What the task requires -
Each entry below is to be returned exactly, with any pictures left out.

Data for analysis -
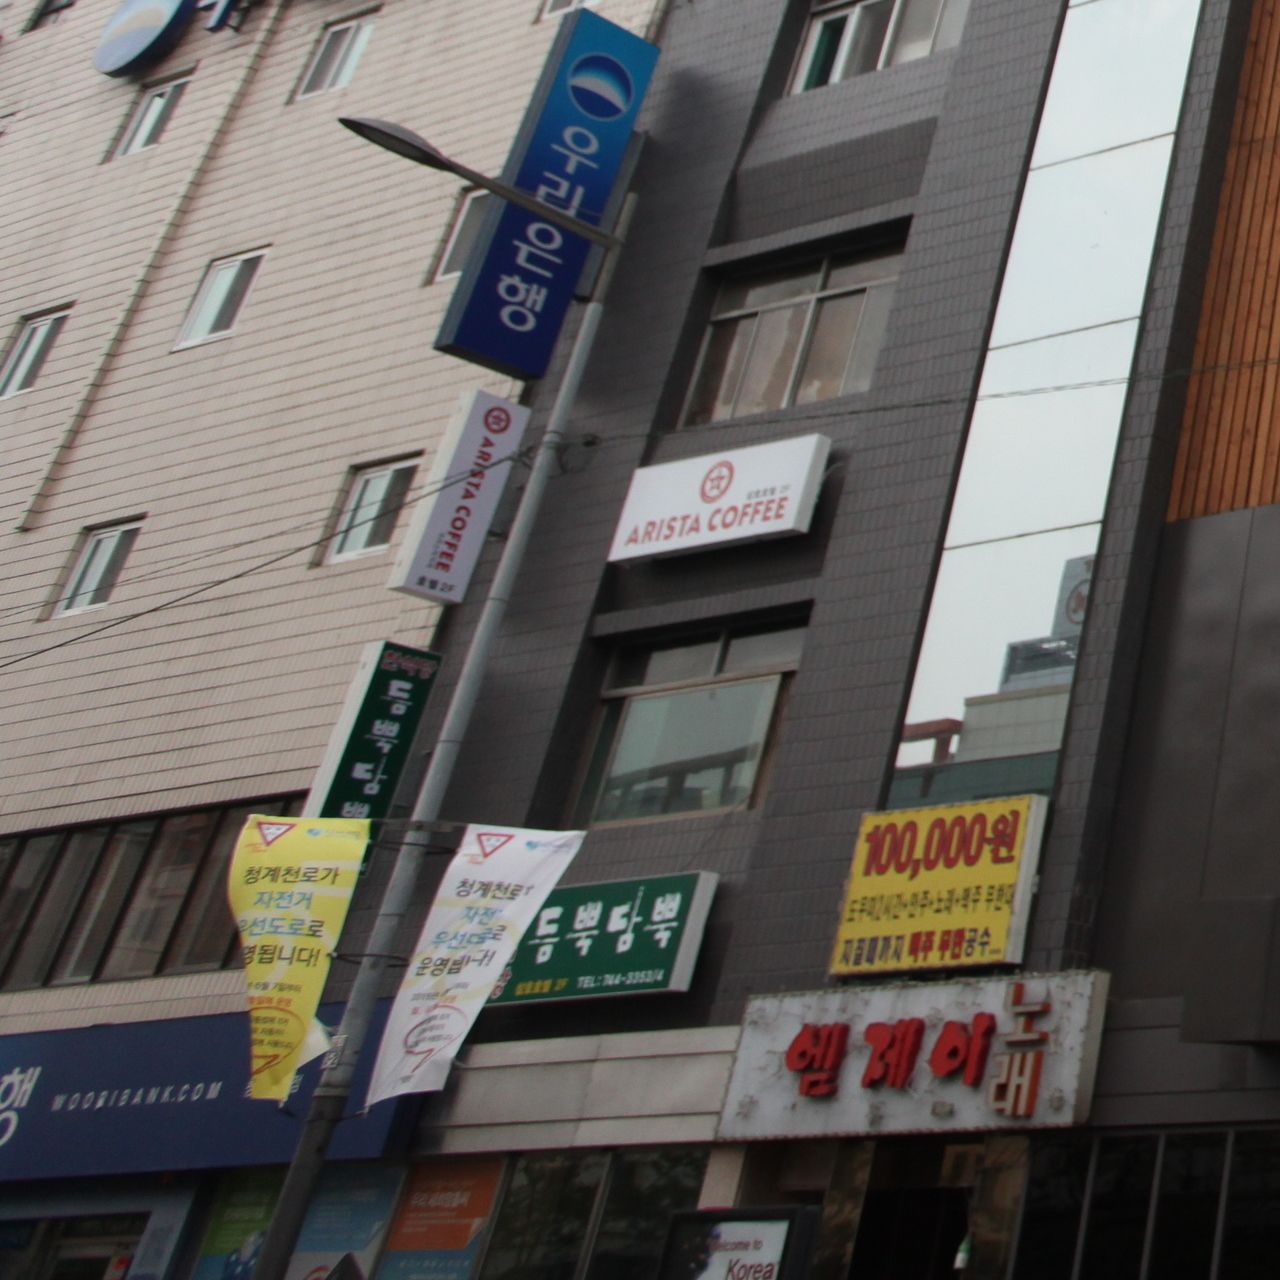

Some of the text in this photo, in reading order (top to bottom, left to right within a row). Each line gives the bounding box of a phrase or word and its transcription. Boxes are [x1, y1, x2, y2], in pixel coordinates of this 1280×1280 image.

[498, 123, 600, 333] 우리은행
[461, 436, 495, 500] ARISTA
[436, 505, 471, 572] COFFEE
[625, 496, 789, 546] ARISTA COFFEE
[863, 809, 1021, 881] 100,000원
[244, 865, 339, 885] 청계천로가
[253, 890, 314, 910] 자전거
[528, 886, 682, 964] 듬뿍담뿍
[988, 982, 1052, 1119] 노래
[51, 1081, 222, 1112] WOORIBANK.COM
[724, 1257, 778, 1280] Korea
[752, 1238, 764, 1251] to

Finished exercise -
Some of the text in this photo, in reading order (top to bottom, left to right within a row). Each line gives the bounding box of a phrase or word and its transcription. Boxes are [x1, y1, x2, y2], in pixel coordinates of this 1280×1280 image.

[498, 123, 600, 333] 우리은행
[461, 436, 495, 500] ARISTA
[436, 505, 471, 572] COFFEE
[625, 496, 789, 546] ARISTA COFFEE
[863, 809, 1021, 881] 100,000원
[244, 865, 339, 885] 청계천로가
[253, 890, 314, 910] 자전거
[528, 886, 682, 964] 듬뿍담뿍
[988, 982, 1052, 1119] 노래
[51, 1081, 222, 1112] WOORIBANK.COM
[724, 1257, 778, 1280] Korea
[752, 1238, 764, 1251] to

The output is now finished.